2014 HCLF in review: Energizing and insightful

The 2014 Healthcare Leadership Forum just concluded in Chicago, and participants were energized! Produced by Clinical Innovation + Technology’s parent company TriMed Media Group and sponsored by Elsevier Clinical Solutions, there was a palpable buzz in the air during and immediately following the gathering. Audience members praised the renowned expert speakers on sharing enormous amounts of “practical information” and “actual experience” which will be brought back to hospitals and healthcare systems across the country. Yes, the big themes of this year’s forum really delivered.

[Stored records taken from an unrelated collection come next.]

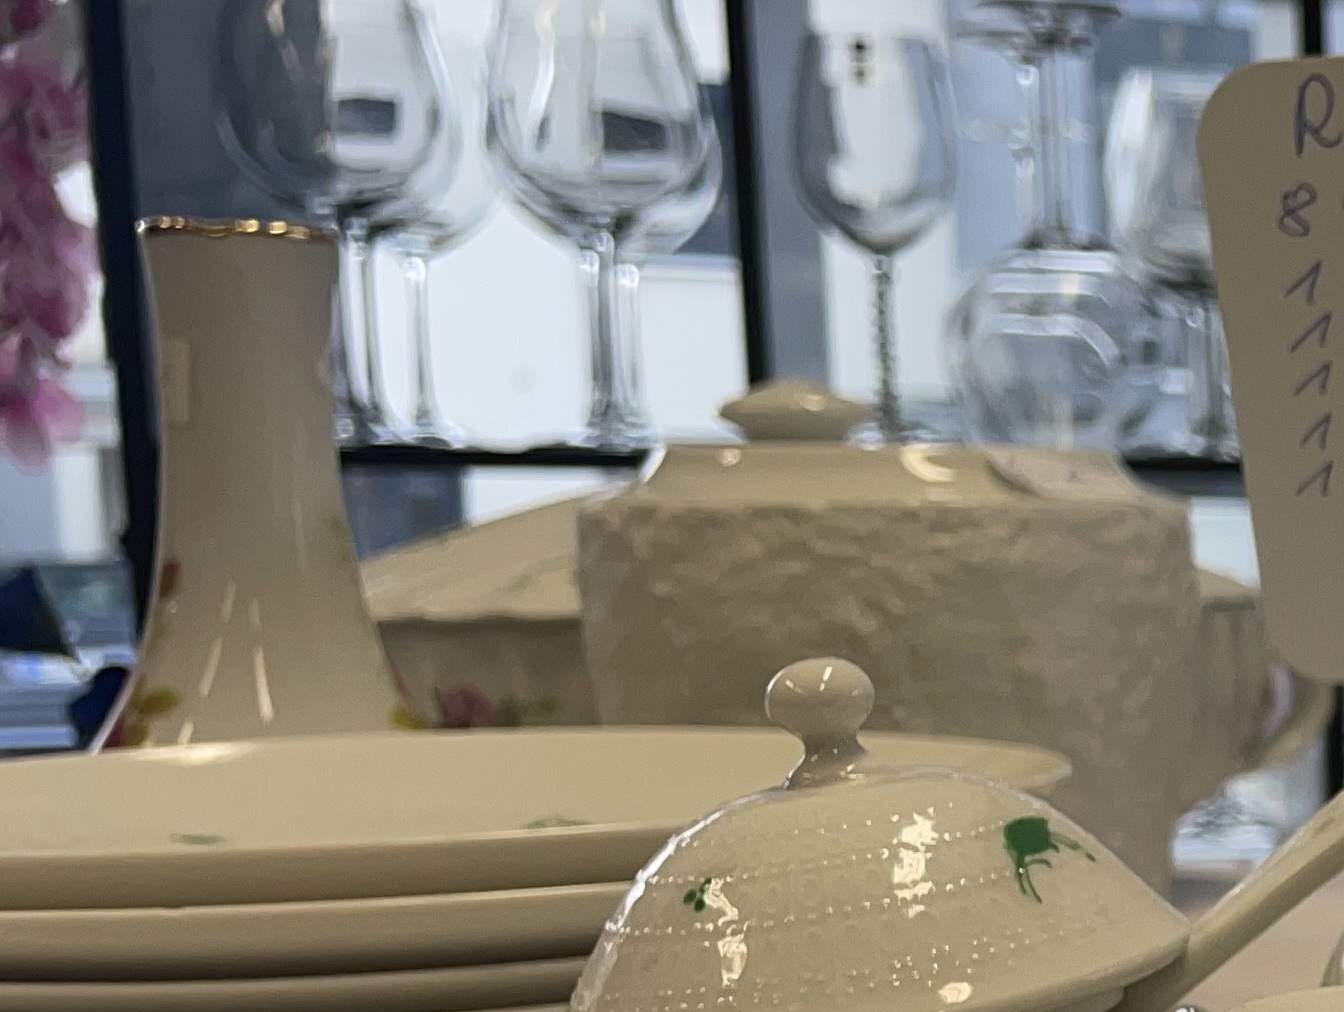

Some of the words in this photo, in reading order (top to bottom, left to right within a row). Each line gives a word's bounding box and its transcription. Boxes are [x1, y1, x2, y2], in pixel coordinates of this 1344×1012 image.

[1278, 182, 1318, 238] 8
[1284, 260, 1322, 305] 1
[1290, 311, 1332, 353] 1
[1294, 360, 1333, 397] 1
[1300, 411, 1333, 450] 1
[1296, 460, 1333, 497] 1

Everyone understands that advanced technology can only achieve its potential to improve healthcare if our patients are engaged, educated and empowered to participate in their own care. Thus, many in the audience were a bit stunned to hear results of current studies demonstrating the extremely limited understanding that even educated patients possess regarding the literacy (language) and numeracy (numbers) of medical information provided to them. This led to an important discussion of the universal push for “plain language” use across all patient (and even clinician) educational materials.

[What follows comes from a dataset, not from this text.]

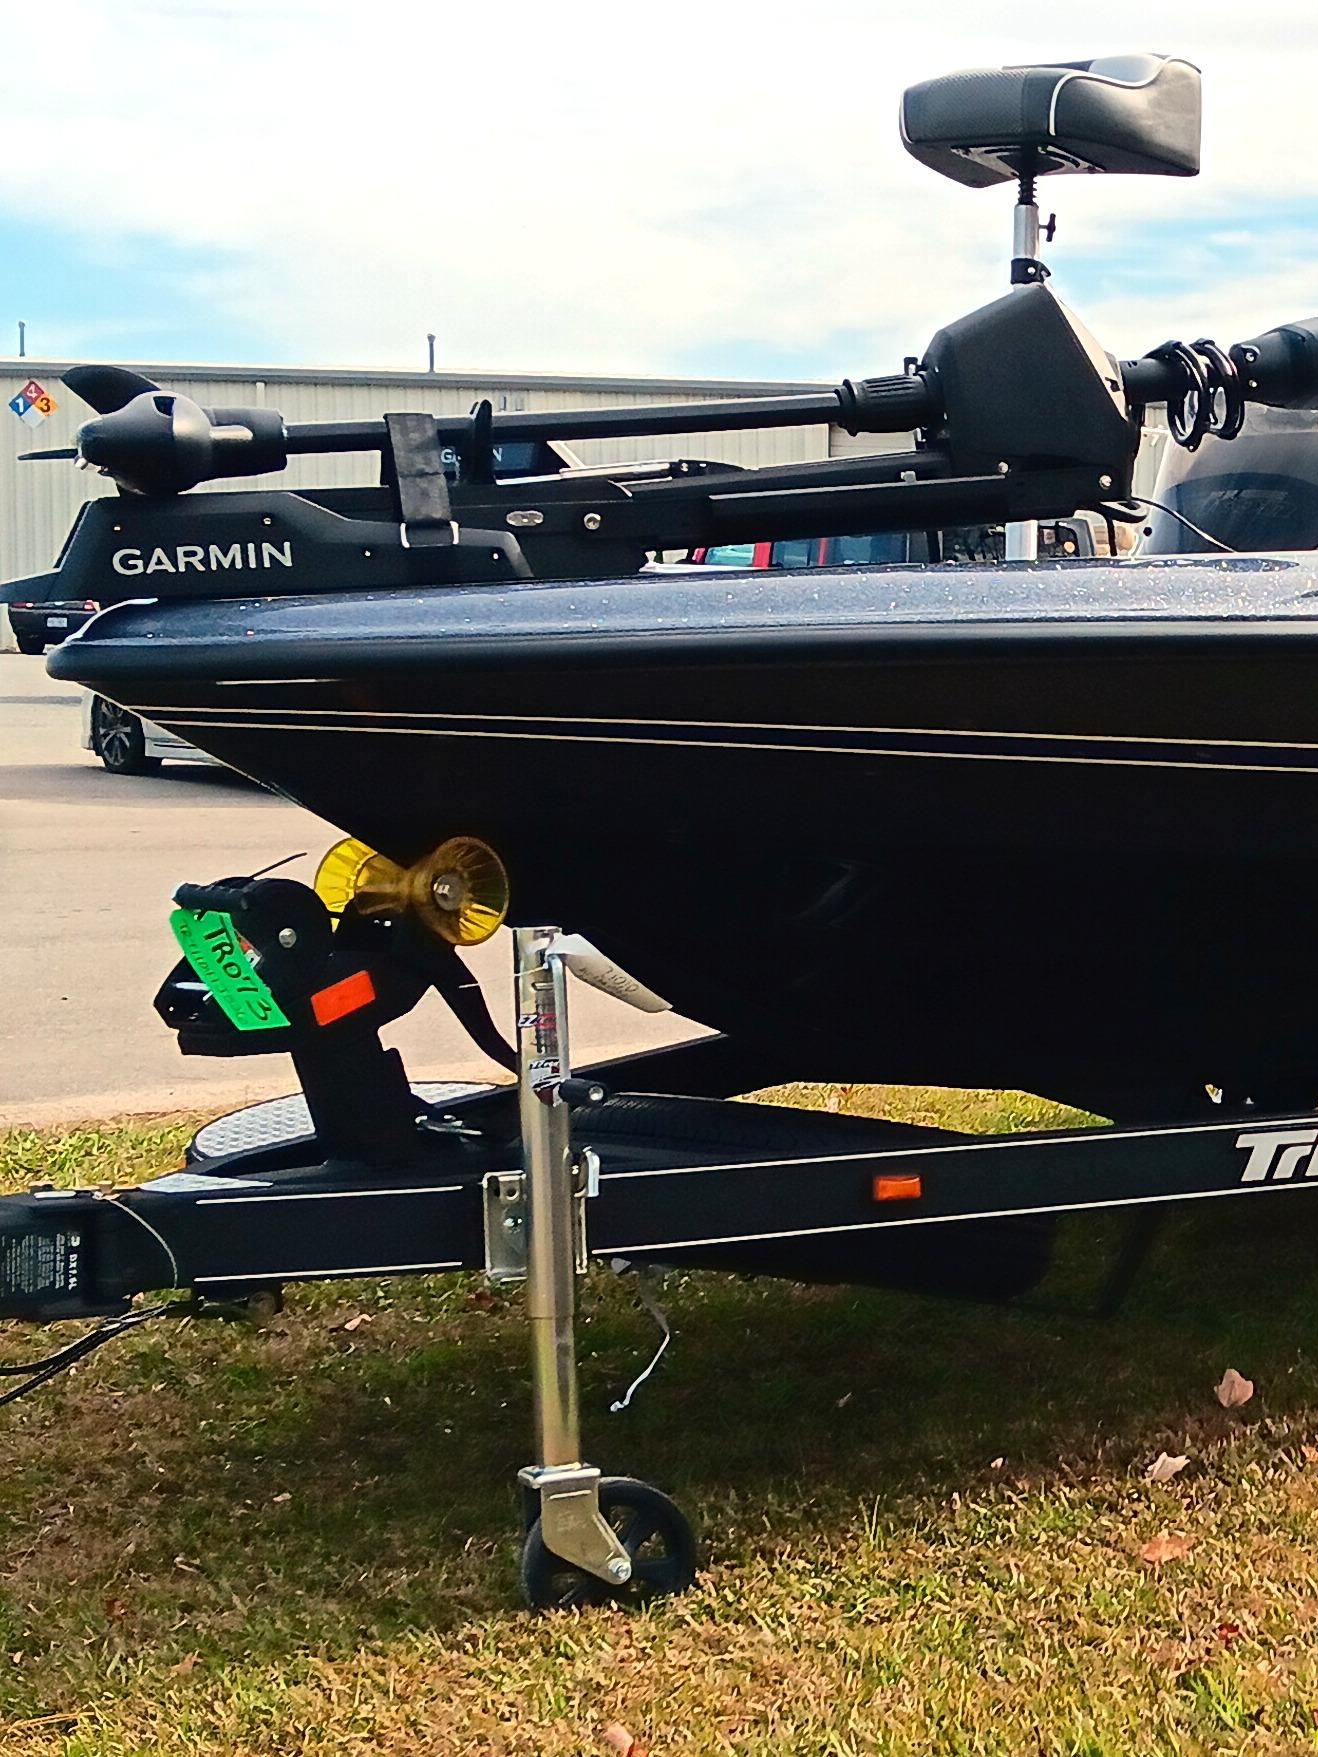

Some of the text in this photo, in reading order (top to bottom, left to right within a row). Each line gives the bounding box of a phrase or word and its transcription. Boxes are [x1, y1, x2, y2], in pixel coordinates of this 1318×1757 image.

[26, 383, 38, 398] 4
[15, 397, 51, 413] 1 3
[112, 541, 293, 576] GARMIN

The forum also drove home the need for strategies and technological solutions to address risk-filled transitions of care.  But unlike recent goals, speakers emphasized the expanded definition of “transitions of care” to reach far past the hospital-to-home transition.  Complex care transitions were discussed in detail, including make-up, structure and responsibilities of successful, real world care transition teams.  Less successful approaches and models also were presented, empowering forum participants to avoid repeating the same mistake (or at least to tread lightly).

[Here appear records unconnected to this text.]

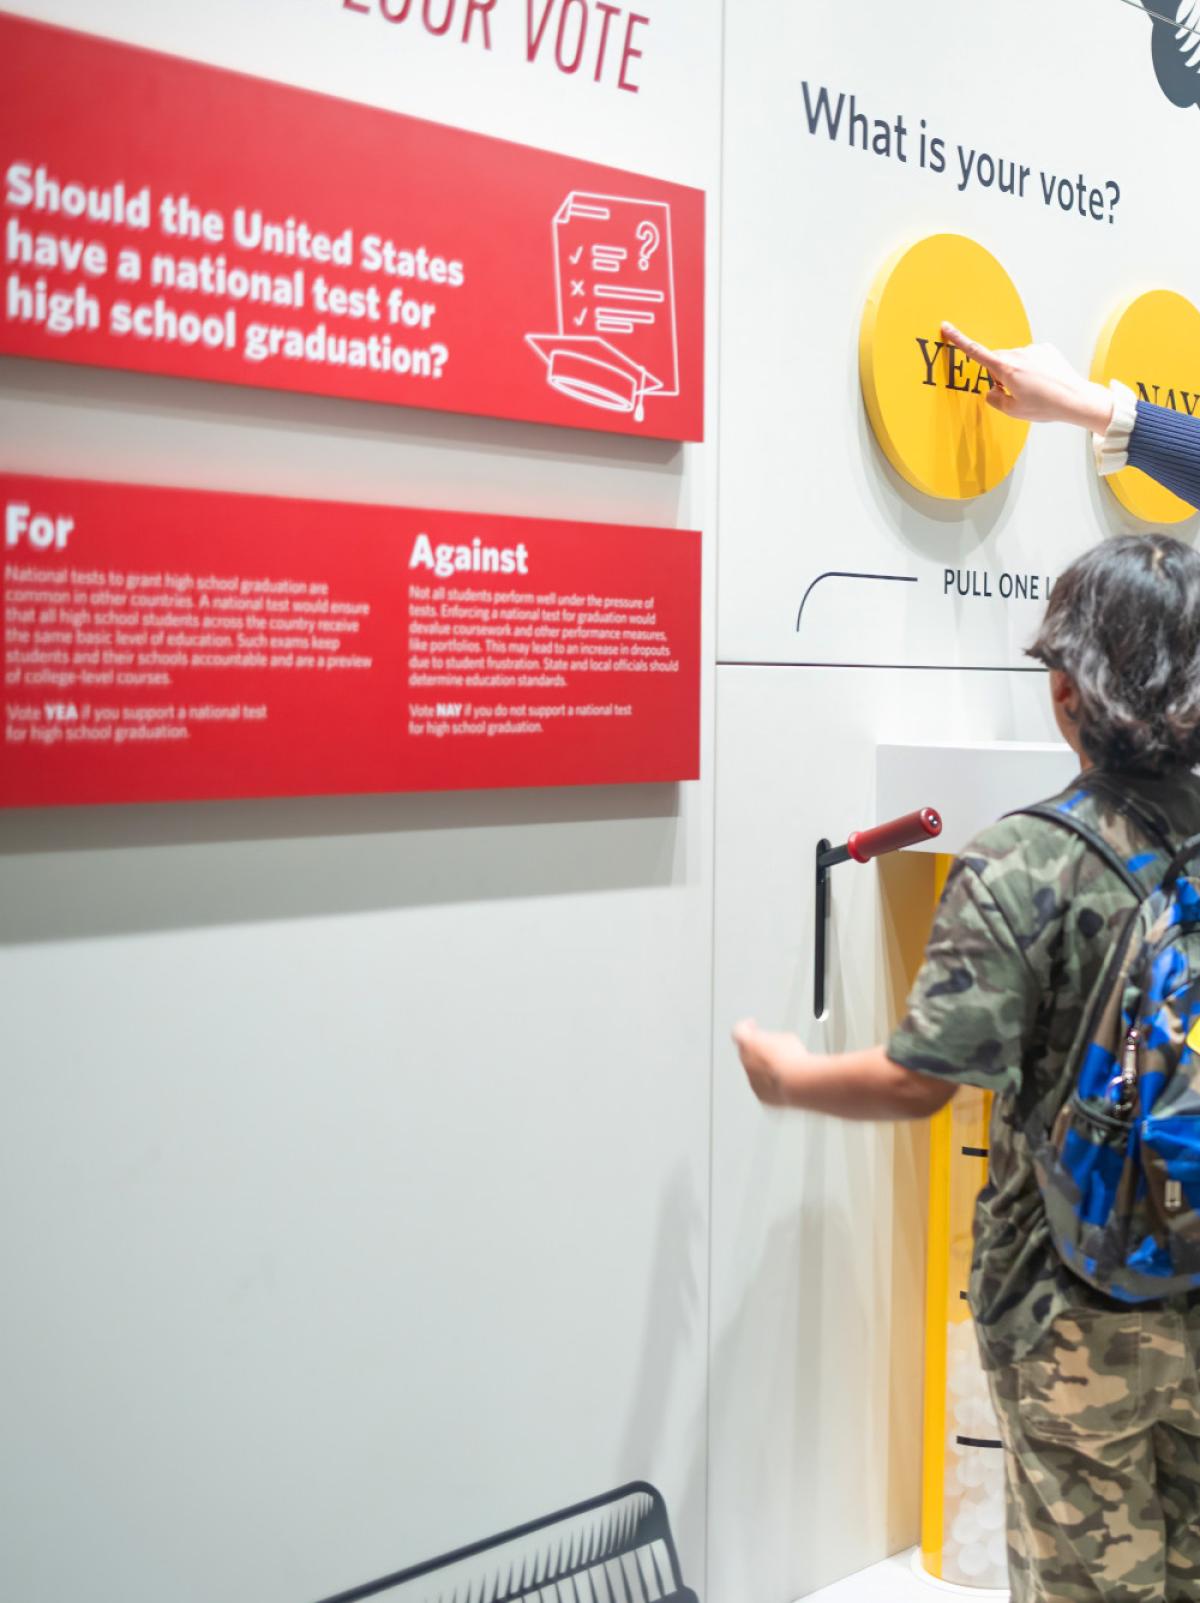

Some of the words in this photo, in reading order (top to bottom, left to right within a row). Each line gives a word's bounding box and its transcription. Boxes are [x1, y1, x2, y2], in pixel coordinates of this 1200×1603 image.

[525, 0, 649, 93] VOTE
[801, 81, 907, 162] What
[920, 120, 945, 173] is
[957, 145, 1030, 197] your
[1040, 172, 1120, 224] vote?
[6, 163, 151, 229] Should
[159, 196, 224, 242] the
[233, 207, 352, 266] United
[361, 235, 464, 286] States
[6, 218, 107, 275] have
[117, 249, 141, 281] a
[151, 255, 304, 307] national
[312, 276, 380, 321] test
[388, 288, 435, 329] for
[6, 273, 100, 334] high
[110, 297, 236, 349] school
[244, 323, 449, 378] graduation?
[5, 503, 74, 548] For
[409, 533, 528, 577] Against
[944, 569, 992, 596] PULL
[1000, 573, 1039, 600] ONE
[44, 705, 78, 720] YEA
[409, 704, 433, 717] Vote
[436, 704, 462, 717] NAY
[464, 704, 472, 717] if
[473, 707, 493, 721] you
[494, 704, 508, 717] do
[510, 705, 526, 717] not
[528, 705, 566, 720] support
[568, 707, 574, 716] a
[575, 703, 613, 716] national
[614, 704, 632, 716] test
[409, 721, 424, 734] for
[426, 721, 449, 738] high
[452, 720, 486, 734] school

Still other presentations and discussions focused on the healthcare reform’s new point-of-care target, the patient’s actual home. New strategies and technology, some of it still being evaluated in real patient care, were demonstrated and discussed, all aimed at maintaining patient health in the outpatient setting and avoiding preventable emergent care and the associated costs.

Of course, patient risk at all points-of-care was discussed, and new predictive patient risk models were explained and demonstrated. Forum speakers included experts working to guide Institute of Medicine (IOM) recommendations, and a preview of next month’s IOM Socio-Demographic EHR Domain recommendations was provided, leading to insightful discussion, given that representatives of the EHR industry were among the audience members. There was even a practical discussion led by an expert patient privacy attorney on how the federal government is attempting to reconcile their seemingly competing mission to improve the health of populations with their strict patient information privacy requirements.

Amazing speakers presenting practical, real-world approaches and solutions to current healthcare challenges. Engaged, interactive audience members from a variety of healthcare systems and settings. All within the beautiful Waldorf Astoria hotel in downtown Chicago in fall. Yes, an amazing Healthcare Leadership Forum this year!